We can successfully bypass the validation challenge. However, the cookie value has to be roated as it can expire. The rotation logic can also be automated with a headless browser for better rotation efficiency.

How to Scrape SimilarWeb Website Analytics?

The SimilarWeb website analytics pages is a powerful feature that includes comprehensive insights about the domain, including:

Ranking: The domain's category, country, and global rank.
Traffic: Engagement analysis including total visits, bounce rate, and visit duration.
Geography: The domain's traffic by top countries.
Demographics: The visitors' composition distribution by age and gender.
Interests: The visitors' interests by categories and topics.
Competitors: The domain's competitors and alternatives and their similarities.
Traffic sources: The domain's traffic by its source, such as search, direct, or emails.
Keywords: Top keywords visitors use to search the domain.

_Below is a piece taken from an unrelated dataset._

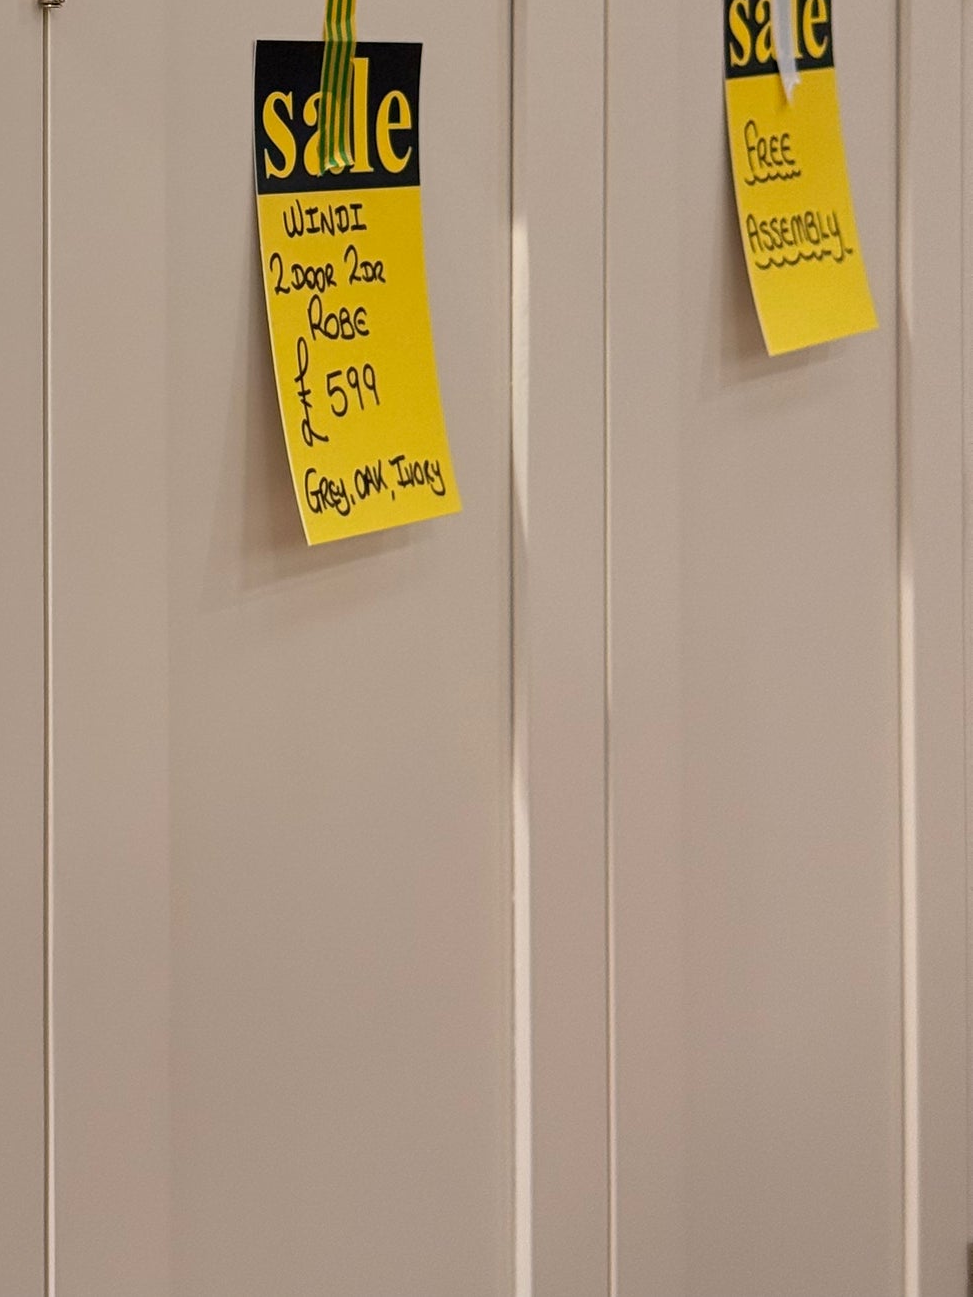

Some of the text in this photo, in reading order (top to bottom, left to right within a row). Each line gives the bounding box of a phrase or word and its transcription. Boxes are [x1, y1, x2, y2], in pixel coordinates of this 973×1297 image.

First, let's look at what the website analysis page on our target website looks like by targeting a specific domain: Google.com. Go to the domain page SimilarWeb, and you will get a page similar to this:

google analytics domain page on similarweb — Google analytics page on SimilarWeb

The above page data are challenging to scrape using selectors, as they are mostly located in charts and graphs. Therefore, we'll use the hidden web data approach.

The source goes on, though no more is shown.